### WORK REQUEST
From first line to last, copy the listing exactly and omit its pictures.

### PROVIDED DATA

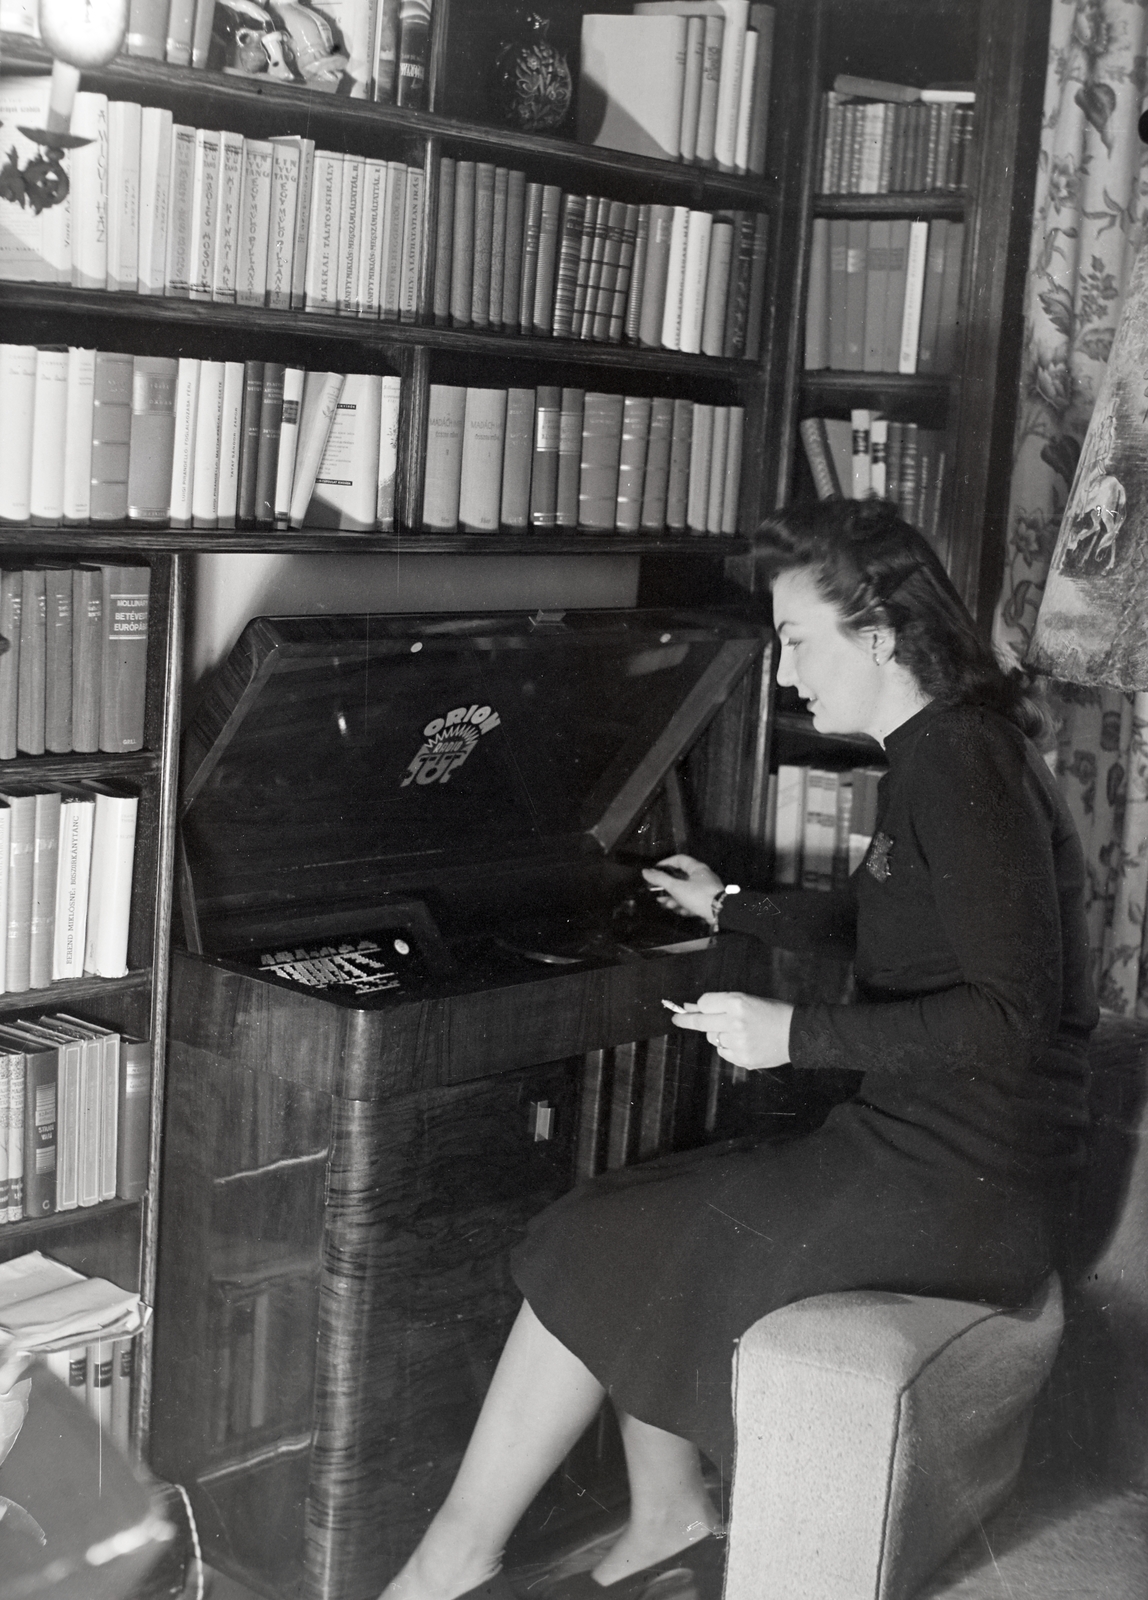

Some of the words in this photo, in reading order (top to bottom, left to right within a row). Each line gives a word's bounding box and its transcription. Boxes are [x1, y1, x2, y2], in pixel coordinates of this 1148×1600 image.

[246, 153, 267, 162] LIN
[275, 158, 296, 167] LIN
[245, 168, 269, 178] TANG
[274, 172, 296, 182] TANG
[322, 162, 334, 248] TÁLTOSKIRÁLY
[320, 252, 330, 303] MAKKAI:
[423, 704, 501, 736] ORION
[433, 741, 464, 753] RADIO
[67, 887, 76, 932] MIKLÓSNÉ:
[65, 934, 74, 965] BEREND
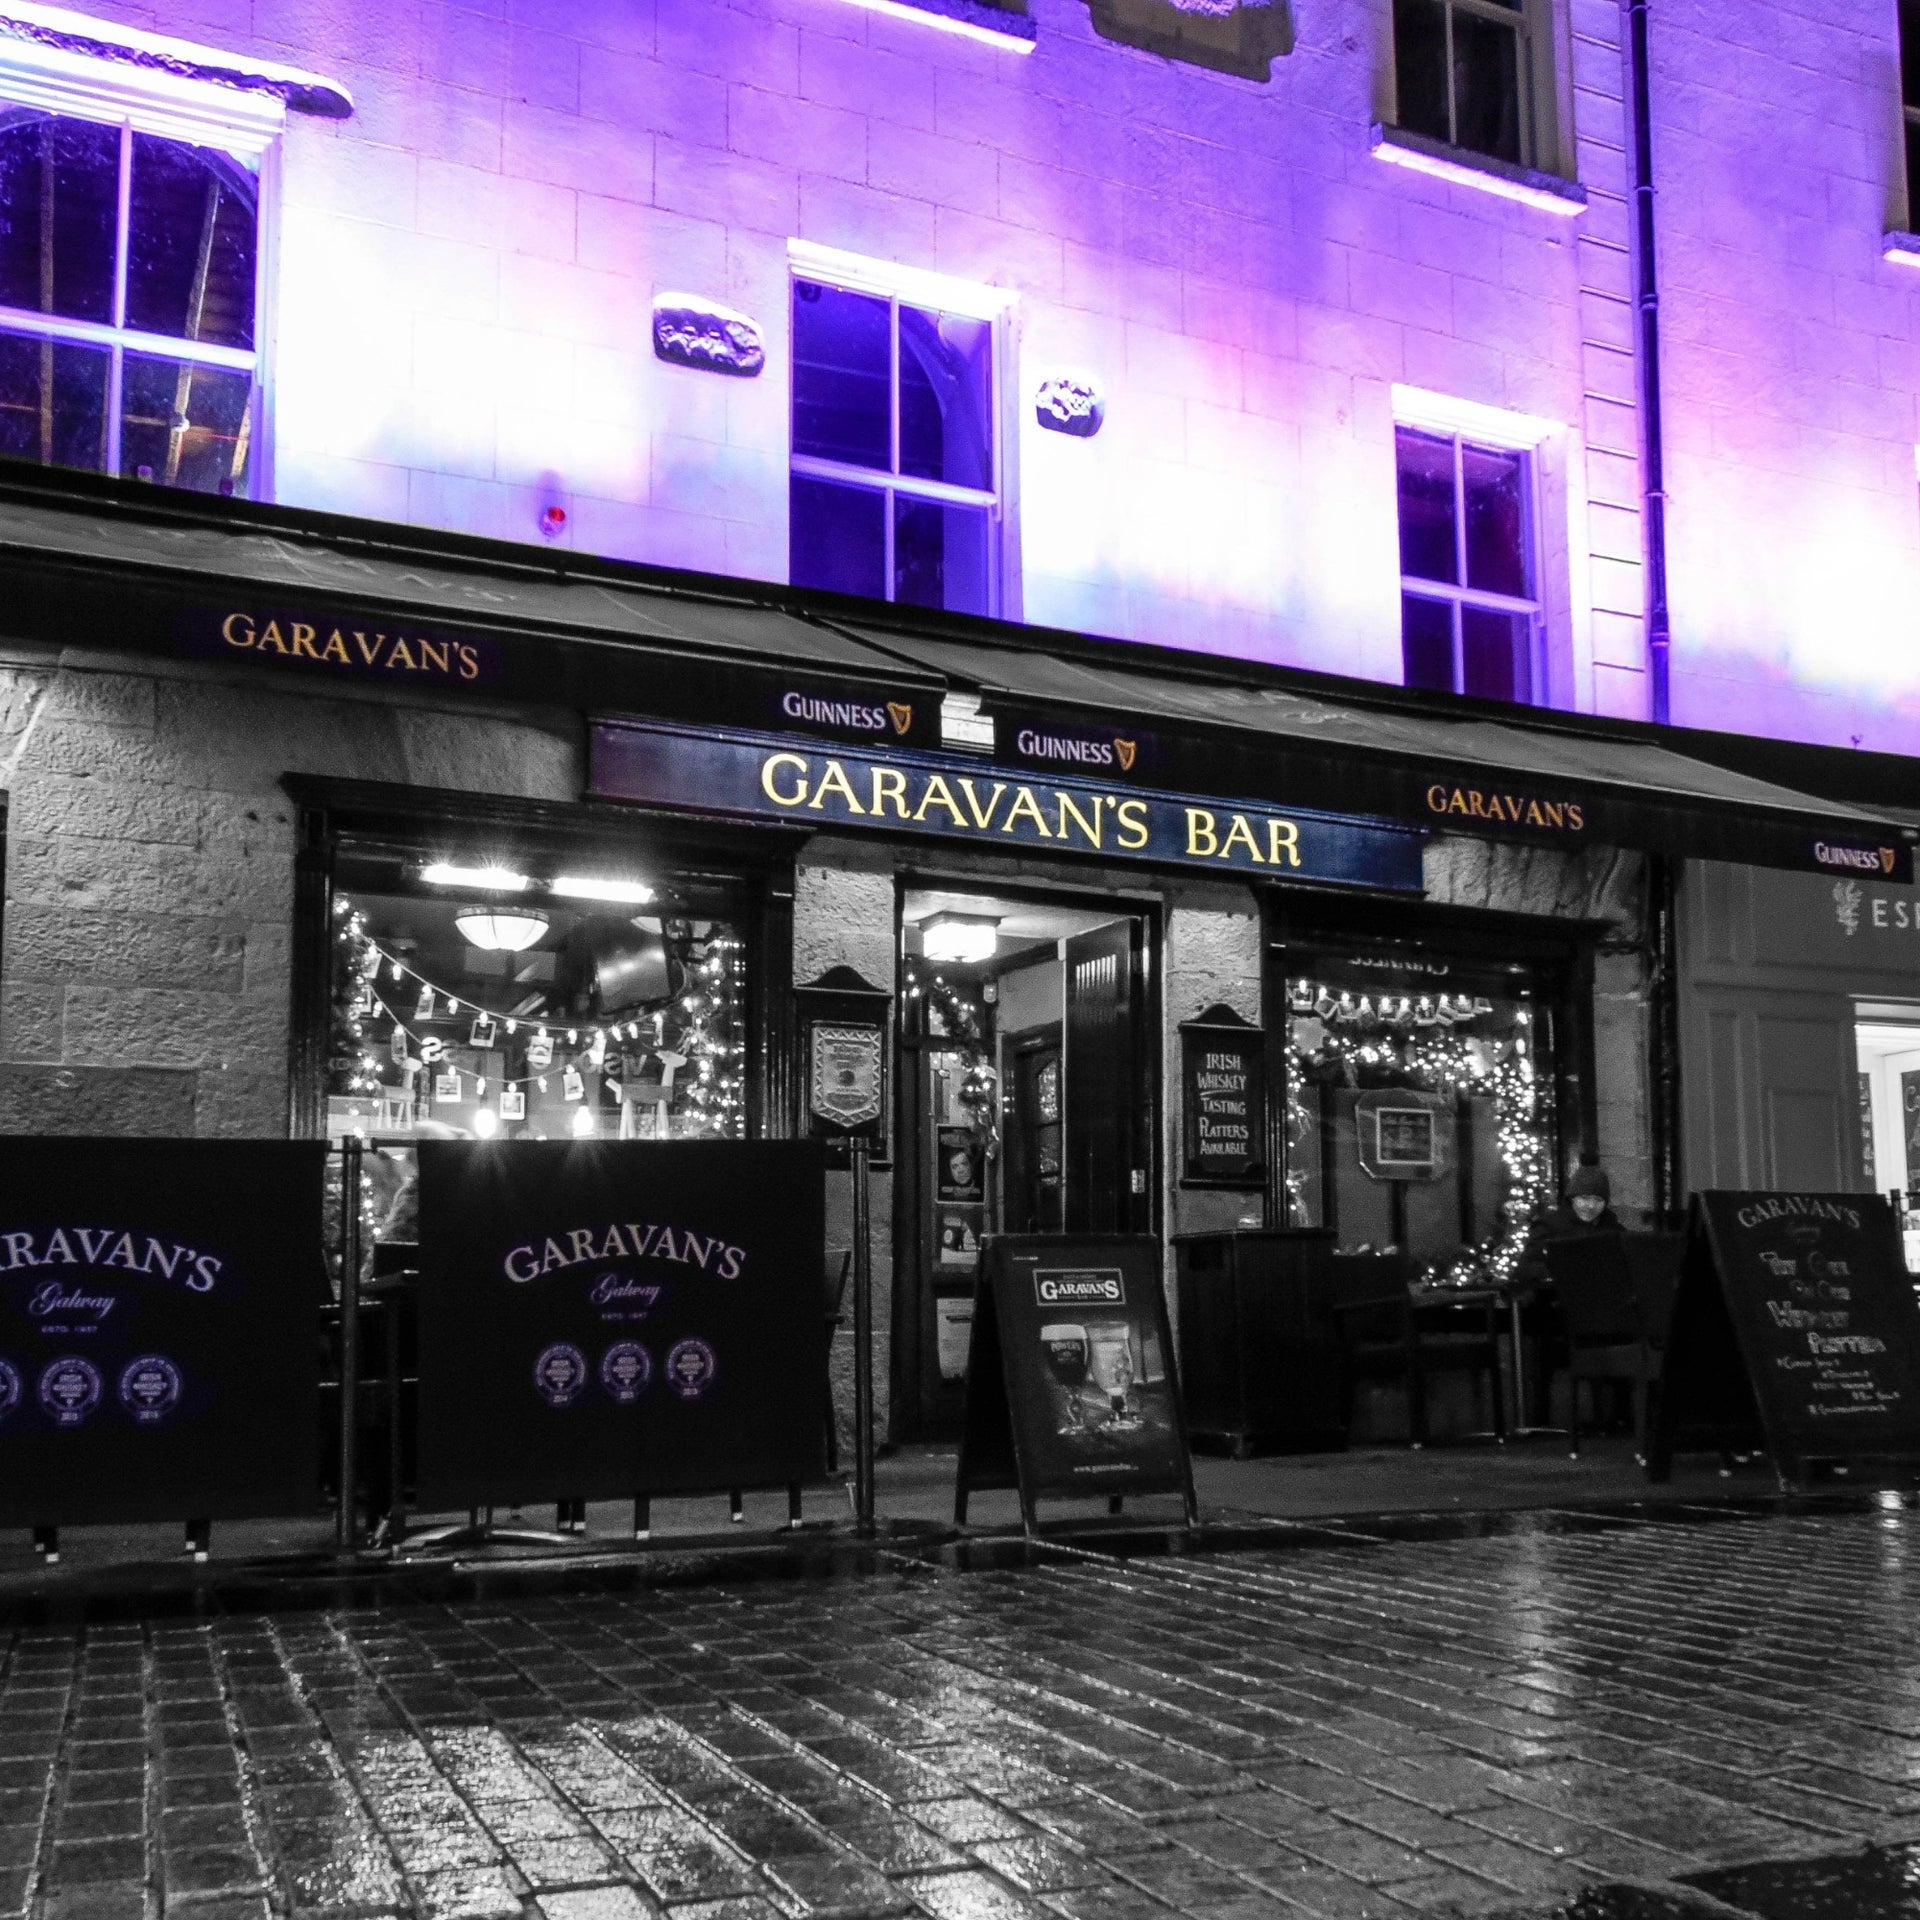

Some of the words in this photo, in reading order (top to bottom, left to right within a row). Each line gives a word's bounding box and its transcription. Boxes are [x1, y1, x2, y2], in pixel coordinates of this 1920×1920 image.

### EXERCISE SOLUTION
Some of the words in this photo, in reading order (top to bottom, left to right within a row). Each line gives a word's bounding box and its transcription. Boxes are [x1, y1, x2, y2], in pixel coordinates of this 1148×1600 image.

[246, 153, 267, 162] LIN
[275, 158, 296, 167] LIN
[245, 168, 269, 178] TANG
[274, 172, 296, 182] TANG
[322, 162, 334, 248] TÁLTOSKIRÁLY
[320, 252, 330, 303] MAKKAI:
[423, 704, 501, 736] ORION
[433, 741, 464, 753] RADIO
[67, 887, 76, 932] MIKLÓSNÉ:
[65, 934, 74, 965] BEREND

Some of the words in this photo, in reading order (top to bottom, left to right within a row). Each line gives a word's bounding box and its transcription. Boxes are [x1, y1, x2, y2], in pixel coordinates of this 1920×1920 image.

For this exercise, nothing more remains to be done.